# INFORMATION
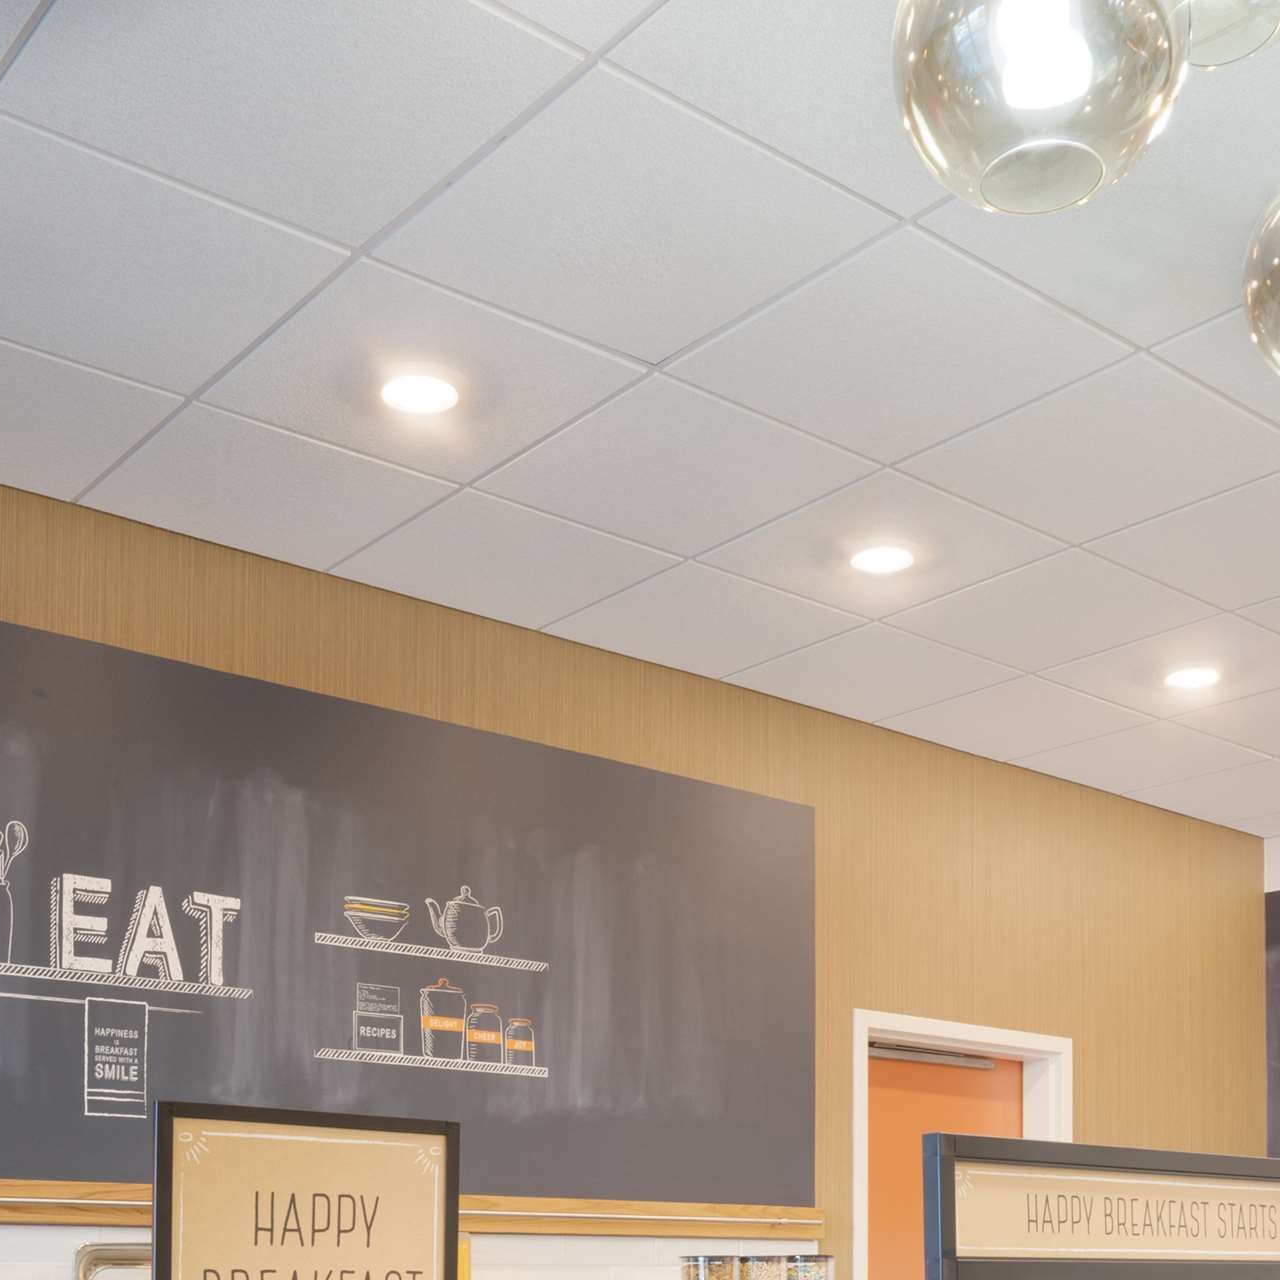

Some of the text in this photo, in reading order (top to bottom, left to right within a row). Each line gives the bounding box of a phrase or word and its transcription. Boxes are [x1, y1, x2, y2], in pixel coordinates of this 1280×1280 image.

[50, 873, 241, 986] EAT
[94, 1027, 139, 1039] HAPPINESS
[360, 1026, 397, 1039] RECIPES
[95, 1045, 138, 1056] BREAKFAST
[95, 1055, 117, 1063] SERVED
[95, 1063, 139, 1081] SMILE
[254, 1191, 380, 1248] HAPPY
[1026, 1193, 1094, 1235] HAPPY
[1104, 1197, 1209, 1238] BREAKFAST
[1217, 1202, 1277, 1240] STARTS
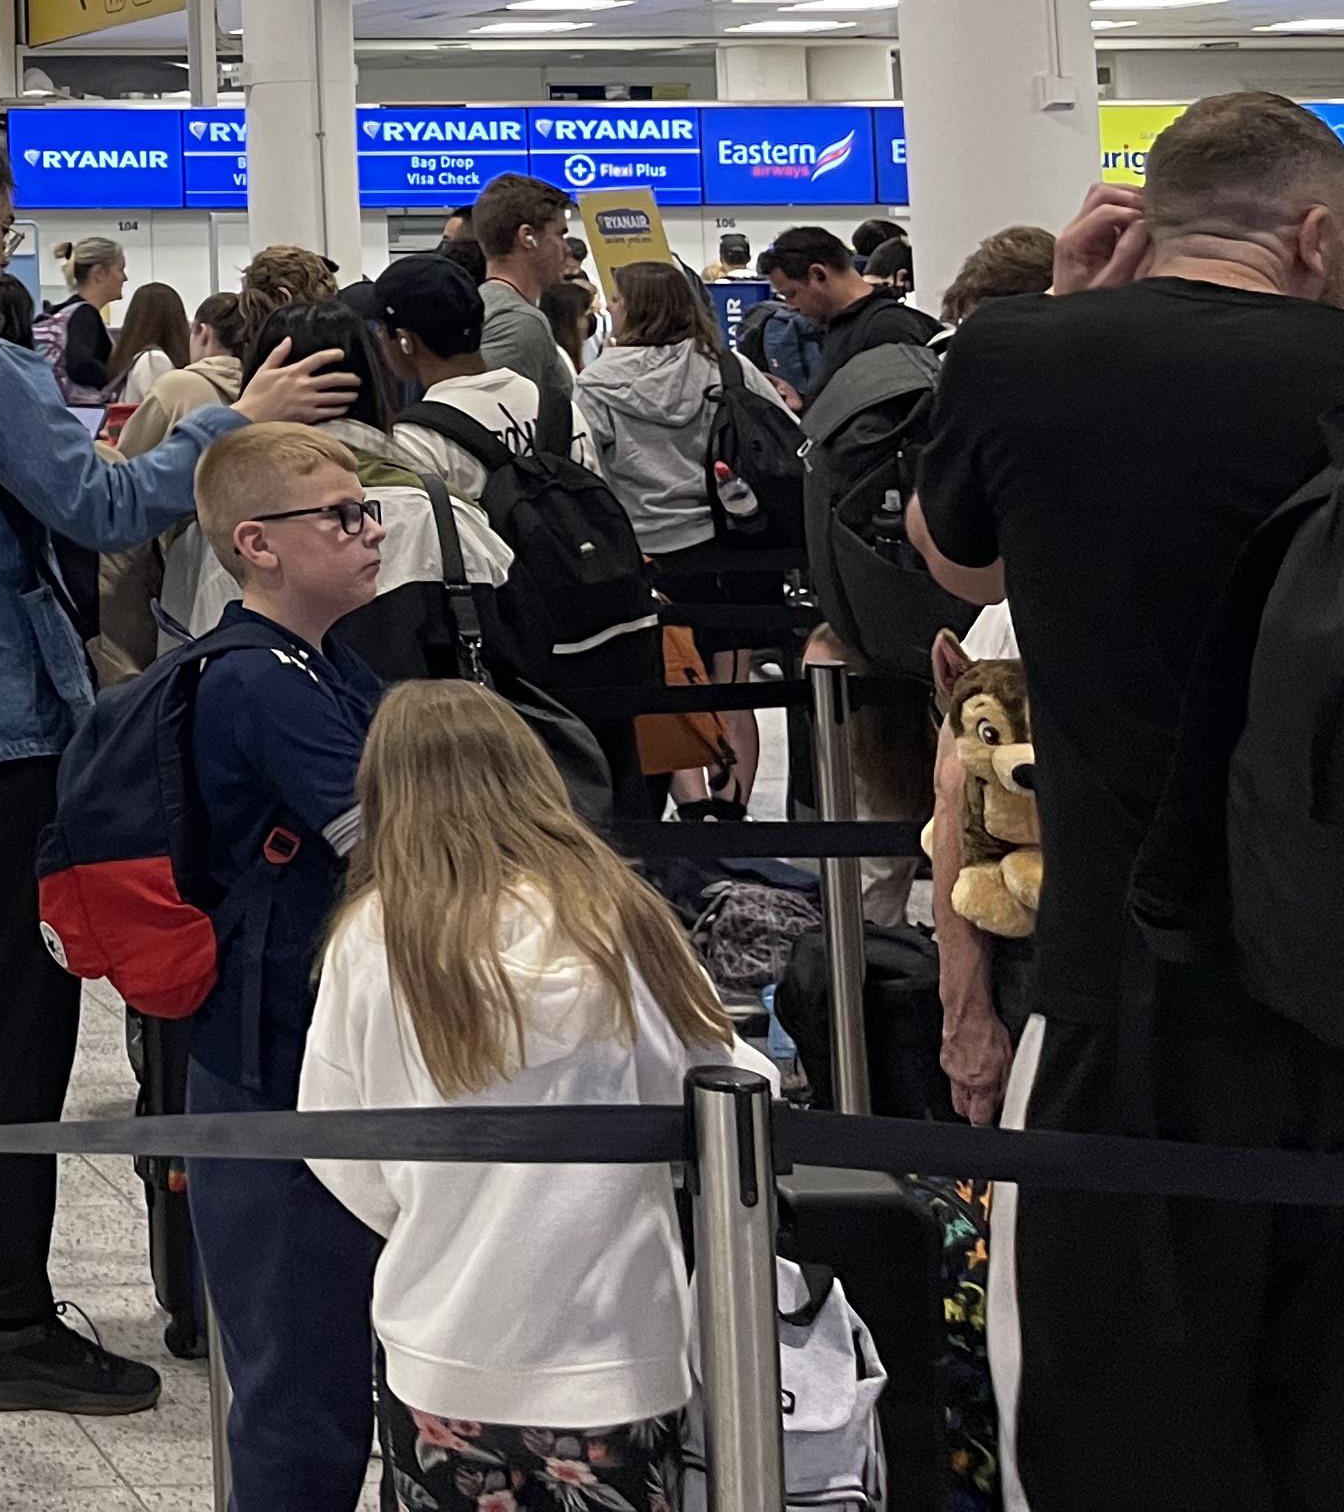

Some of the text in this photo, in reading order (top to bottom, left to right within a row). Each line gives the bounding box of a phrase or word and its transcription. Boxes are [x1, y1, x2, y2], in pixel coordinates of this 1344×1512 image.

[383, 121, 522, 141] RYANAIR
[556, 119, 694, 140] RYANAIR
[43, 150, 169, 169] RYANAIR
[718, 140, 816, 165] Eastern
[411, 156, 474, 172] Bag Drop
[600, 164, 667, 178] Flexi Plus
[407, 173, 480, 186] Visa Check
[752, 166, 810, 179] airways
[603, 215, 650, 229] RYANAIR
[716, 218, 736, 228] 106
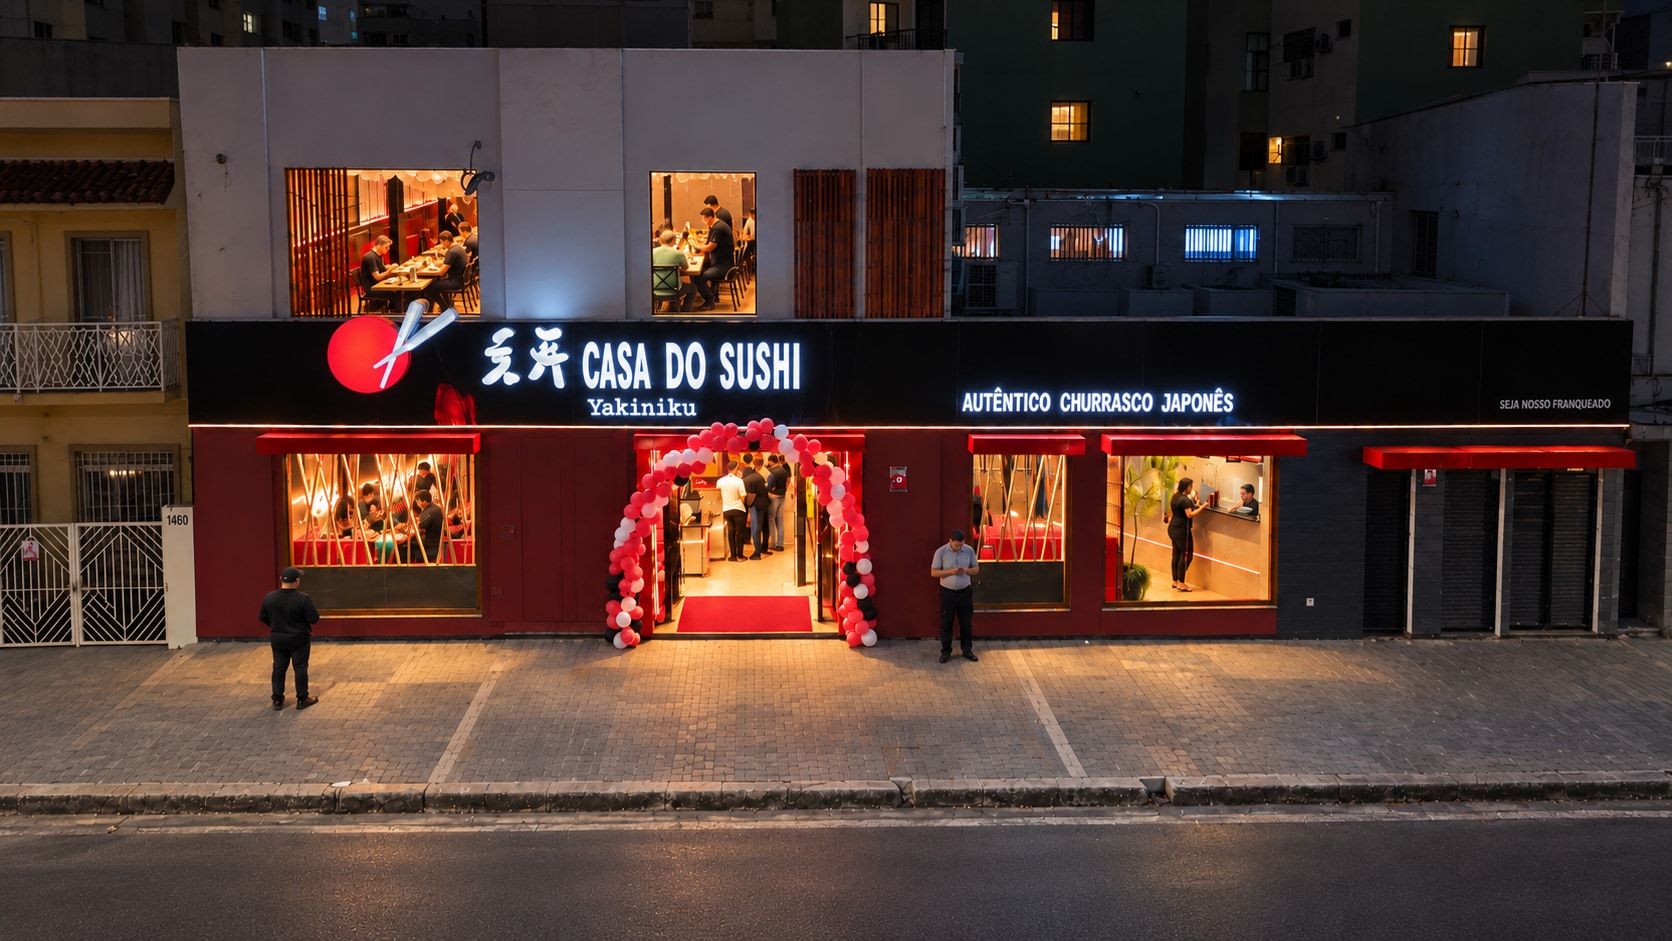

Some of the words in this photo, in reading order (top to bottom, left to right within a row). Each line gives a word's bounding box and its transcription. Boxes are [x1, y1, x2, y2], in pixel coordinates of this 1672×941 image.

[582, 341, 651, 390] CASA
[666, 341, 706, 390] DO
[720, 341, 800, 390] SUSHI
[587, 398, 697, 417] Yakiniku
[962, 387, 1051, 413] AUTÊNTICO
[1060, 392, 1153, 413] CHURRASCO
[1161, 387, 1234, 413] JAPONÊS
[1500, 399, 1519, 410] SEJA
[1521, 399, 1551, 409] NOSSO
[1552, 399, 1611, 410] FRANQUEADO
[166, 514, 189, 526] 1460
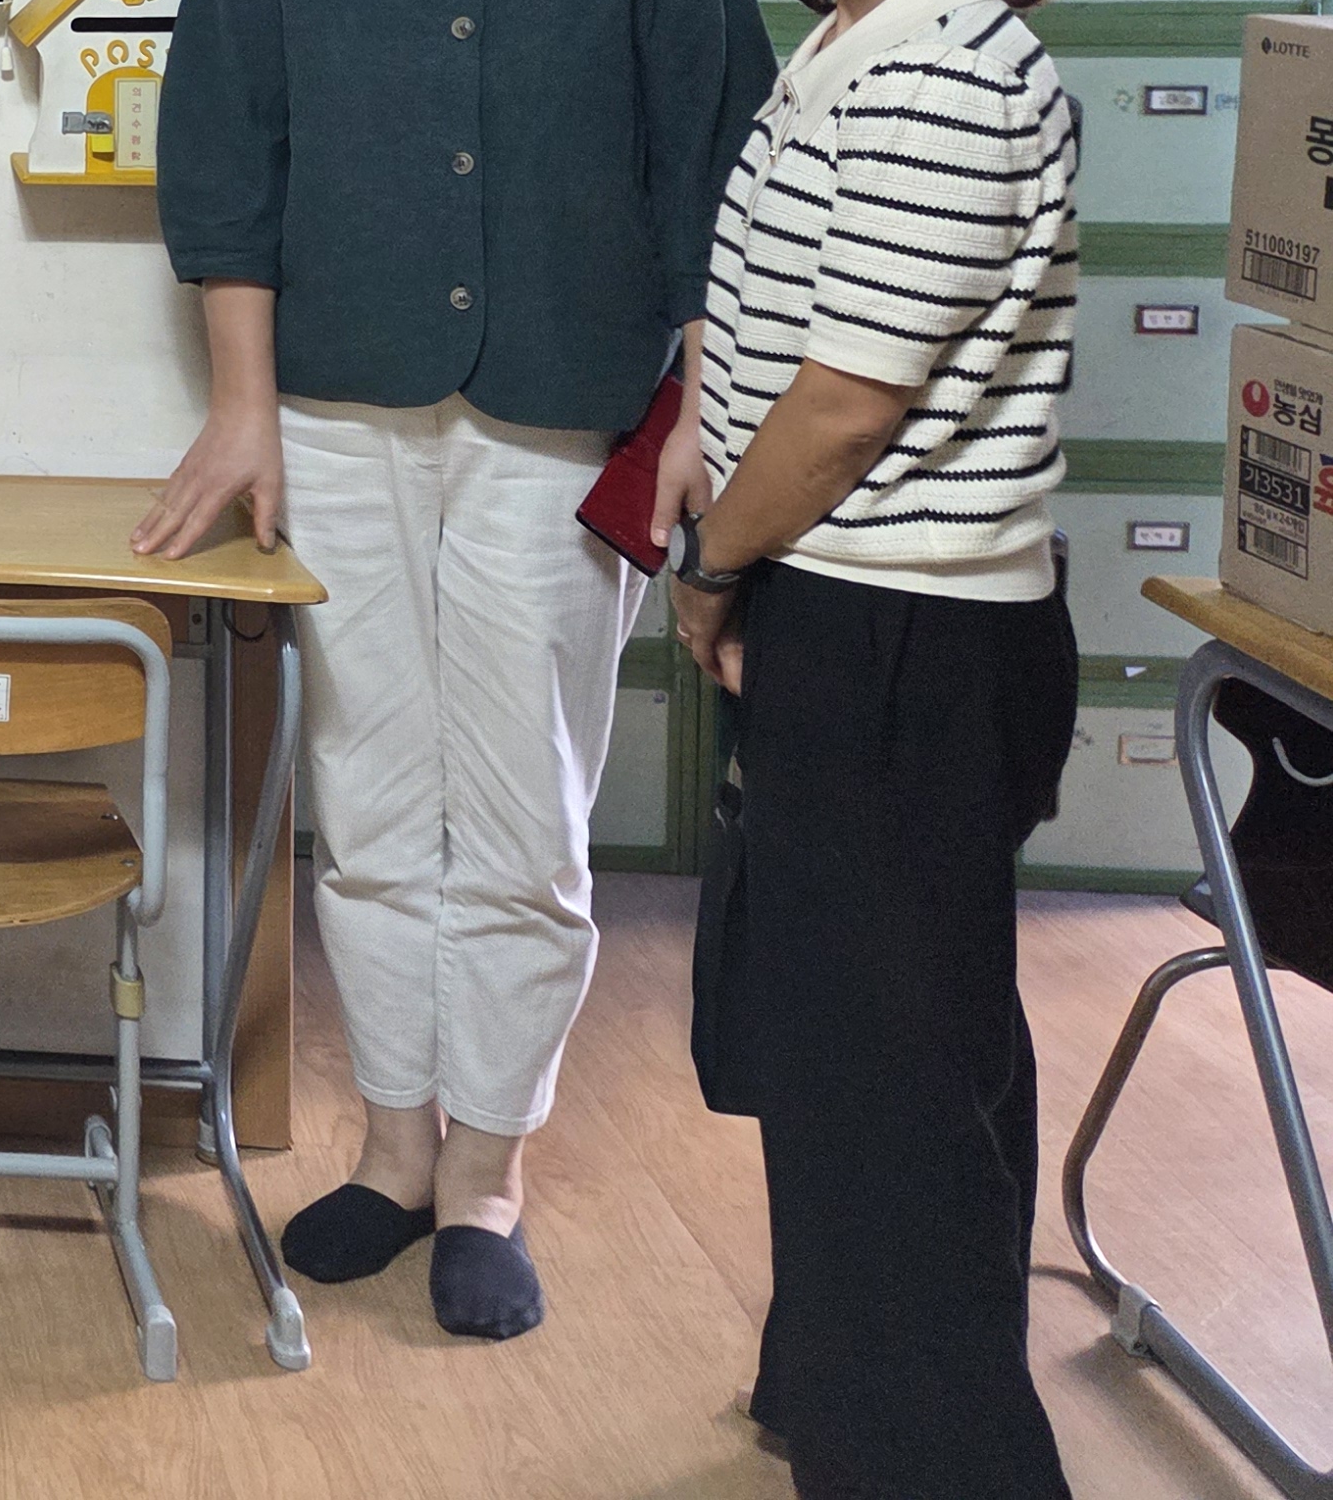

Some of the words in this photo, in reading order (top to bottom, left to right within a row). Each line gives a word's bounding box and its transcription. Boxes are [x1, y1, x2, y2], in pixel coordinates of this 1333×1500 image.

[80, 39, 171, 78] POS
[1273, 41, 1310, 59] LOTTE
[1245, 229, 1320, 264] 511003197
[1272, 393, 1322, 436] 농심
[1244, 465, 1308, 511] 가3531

# WHAT YOU HAVE TO DO
What is needed is every line of the data above, set down exactly but with the images left out.

# OUTPUT
Some of the text in this photo, in reading order (top to bottom, left to right within a row). Each line gives the bounding box of a phrase or word and its transcription. Boxes are [x1, y1, x2, y2], in pixel coordinates of this 1280×1280 image.

[50, 873, 241, 986] EAT
[94, 1027, 139, 1039] HAPPINESS
[360, 1026, 397, 1039] RECIPES
[95, 1045, 138, 1056] BREAKFAST
[95, 1055, 117, 1063] SERVED
[95, 1063, 139, 1081] SMILE
[254, 1191, 380, 1248] HAPPY
[1026, 1193, 1094, 1235] HAPPY
[1104, 1197, 1209, 1238] BREAKFAST
[1217, 1202, 1277, 1240] STARTS

Some of the text in this photo, in reading order (top to bottom, left to right within a row). Each line gives the bounding box of a phrase or word and its transcription. Boxes are [x1, y1, x2, y2], in pixel coordinates of this 1344×1512 image.

[383, 121, 522, 141] RYANAIR
[556, 119, 694, 140] RYANAIR
[43, 150, 169, 169] RYANAIR
[718, 140, 816, 165] Eastern
[411, 156, 474, 172] Bag Drop
[600, 164, 667, 178] Flexi Plus
[407, 173, 480, 186] Visa Check
[752, 166, 810, 179] airways
[603, 215, 650, 229] RYANAIR
[716, 218, 736, 228] 106

Some of the words in this photo, in reading order (top to bottom, left to right within a row). Each line gives a word's bounding box and its transcription. Boxes are [x1, y1, x2, y2], in pixel coordinates of this 1672×941 image.

[582, 341, 651, 390] CASA
[666, 341, 706, 390] DO
[720, 341, 800, 390] SUSHI
[587, 398, 697, 417] Yakiniku
[962, 387, 1051, 413] AUTÊNTICO
[1060, 392, 1153, 413] CHURRASCO
[1161, 387, 1234, 413] JAPONÊS
[1500, 399, 1519, 410] SEJA
[1521, 399, 1551, 409] NOSSO
[1552, 399, 1611, 410] FRANQUEADO
[166, 514, 189, 526] 1460

Some of the words in this photo, in reading order (top to bottom, left to right within a row). Each line gives a word's bounding box and its transcription. Boxes are [x1, y1, x2, y2], in pixel coordinates of this 1333×1500 image.

[80, 39, 171, 78] POS
[1273, 41, 1310, 59] LOTTE
[1245, 229, 1320, 264] 511003197
[1272, 393, 1322, 436] 농심
[1244, 465, 1308, 511] 가3531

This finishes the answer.